-- Opening Marker --

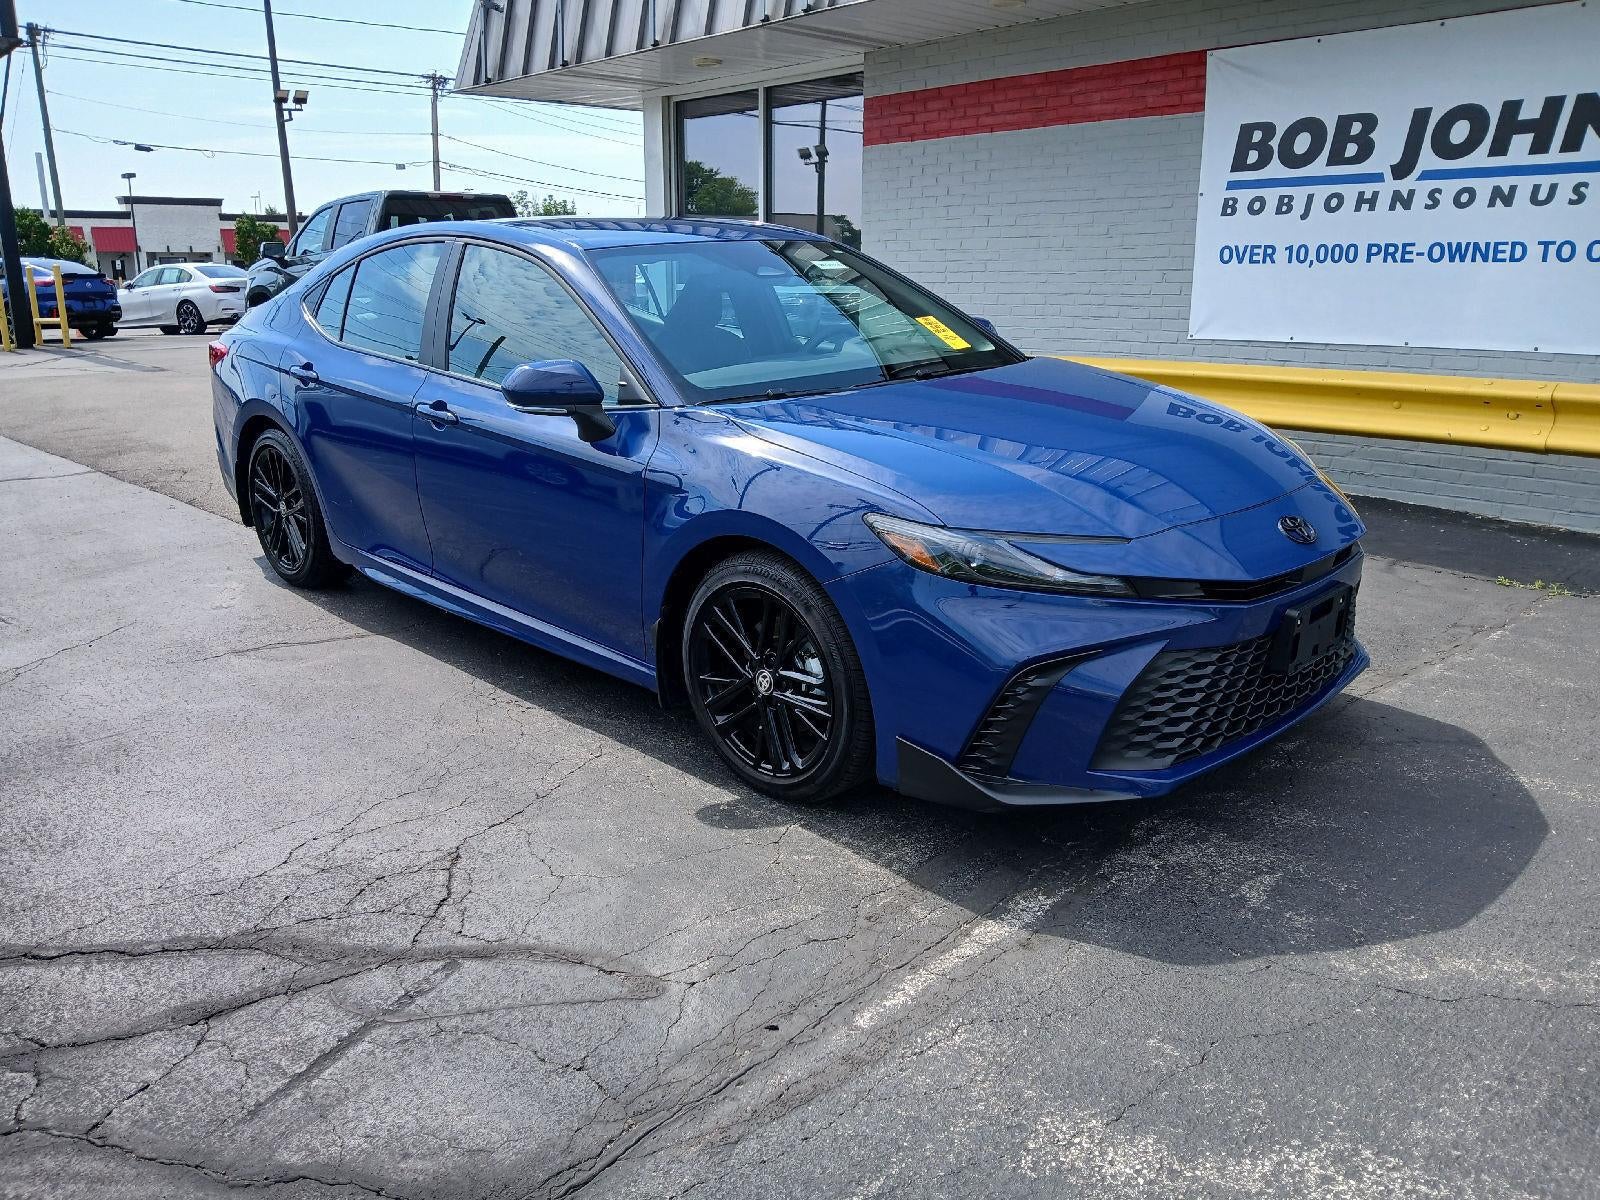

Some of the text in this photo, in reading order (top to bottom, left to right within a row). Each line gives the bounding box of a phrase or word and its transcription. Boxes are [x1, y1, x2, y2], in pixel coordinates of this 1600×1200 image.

[1229, 112, 1379, 173] BOB
[1219, 181, 1590, 221] BOBJOHNSONUS
[1219, 244, 1277, 265] OVER
[1284, 243, 1359, 268] 10,000
[1365, 241, 1528, 264] PRE-OWNED
[1537, 240, 1577, 263] TO

-- Closing Marker --

How to complete this task - All of the data above needs to be given again exactly. Leave out each image.

Completed exercise -
Some of the text in this photo, in reading order (top to bottom, left to right within a row). Each line gives the bounding box of a phrase or word and its transcription. Boxes are [x1, y1, x2, y2], in pixel coordinates of this 1600×1200 image.

[1229, 112, 1379, 173] BOB
[1219, 181, 1590, 221] BOBJOHNSONUS
[1219, 244, 1277, 265] OVER
[1284, 243, 1359, 268] 10,000
[1365, 241, 1528, 264] PRE-OWNED
[1537, 240, 1577, 263] TO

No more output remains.